そう思うだけではなく、何か手伝うことはできないか考えていきたいと思う。

ちなみに冒頭の「返却本コーナー」というのは、まちの本棚の魅力を語り合っていた時に看板娘さんが言った言葉。大きな書店や図書館にいけばたくさんの本がある。きれいに分類されて書架に並んではいるけれど、たくさんの本の中から、読み終わった後に偶然の出会いを感謝したくなるような本に出会うことは難しい。だから、返却本コーナーなのだ。そこにはちょっと前まで誰かが読んでいた本が並んでいる。誰かのお薦め本である可能性が高い。書架から面白そうな本を探そうとしても、自分が本を探すジャンルはある程度限られてしまうけれど、返却本には偶然の出会いの可能性がある。

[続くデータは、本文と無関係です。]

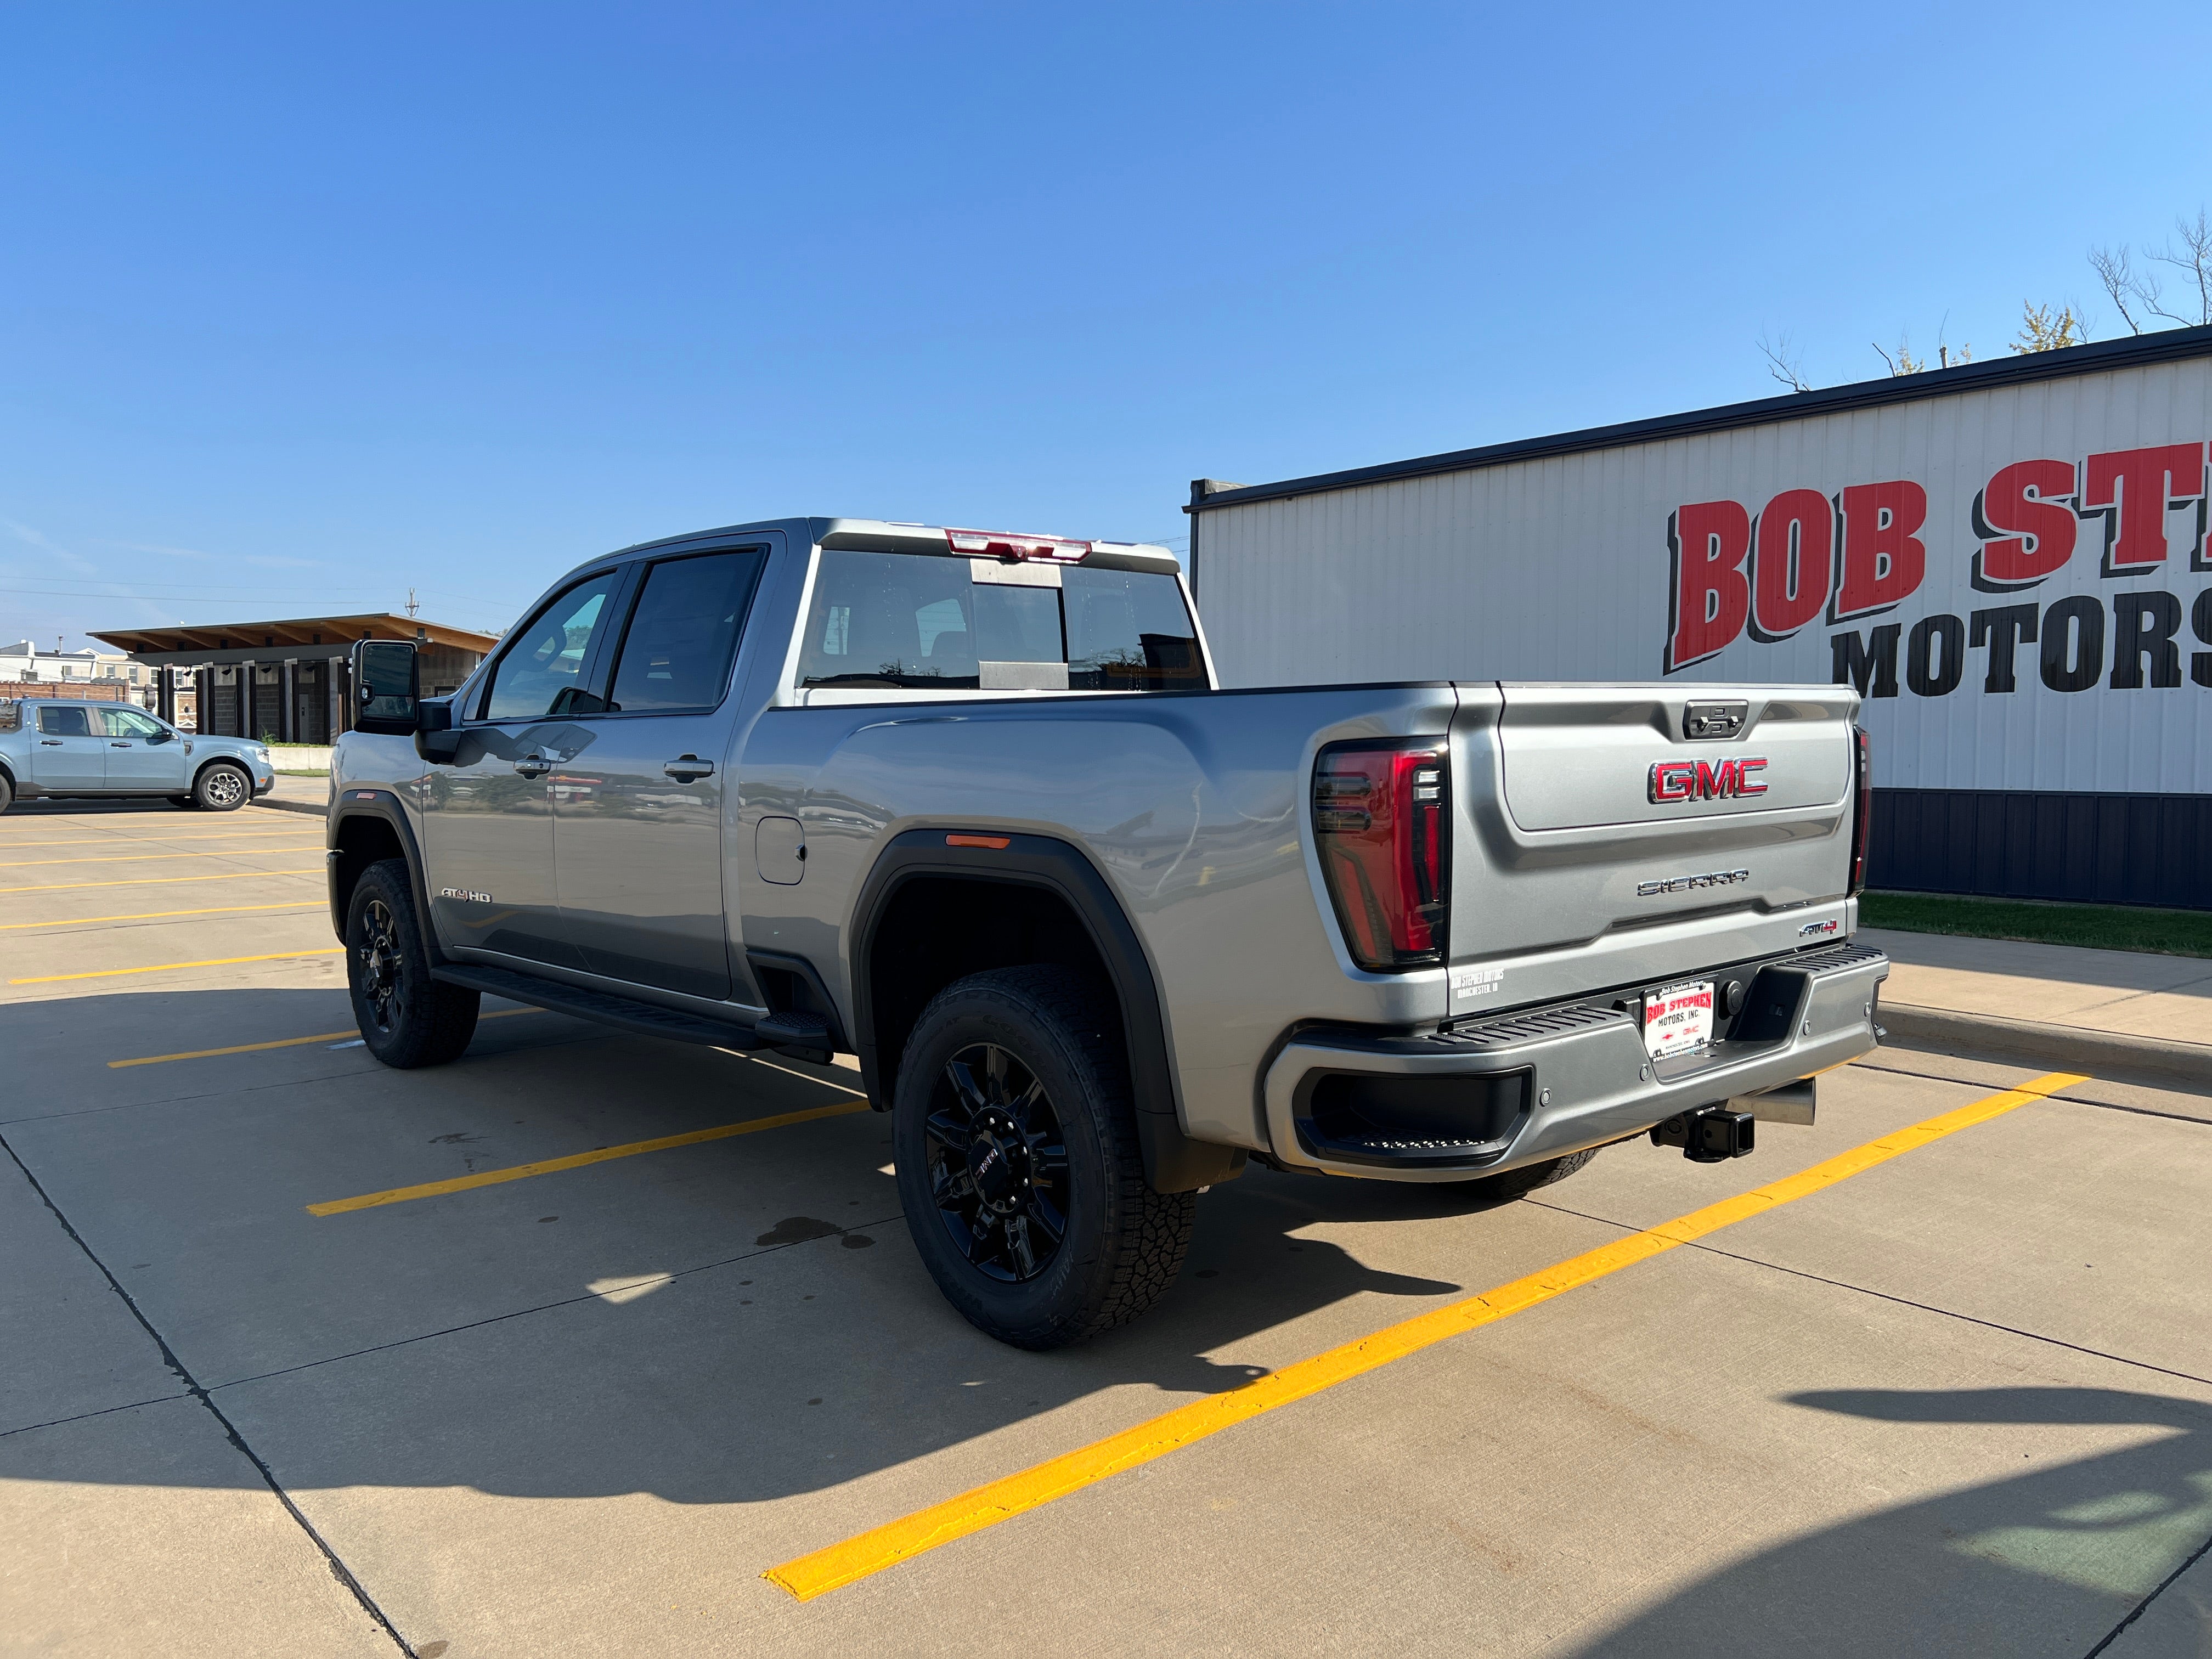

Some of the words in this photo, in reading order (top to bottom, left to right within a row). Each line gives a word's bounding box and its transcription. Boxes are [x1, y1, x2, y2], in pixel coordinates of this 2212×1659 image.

同じように、まちの本棚に並ぶ本は、必ず誰かがお薦めしているもの。背表紙を眺めていく中で、これ何だろうというタイトルに出会える。ふだん小説ばかり読んでいる人がノンフィクションに出会えたりする。さらに、気になる本を手に取ったら、隣にいた人から「面白かったですよ」とか「それ私が寄贈したんですよ」とかいう話になることもある。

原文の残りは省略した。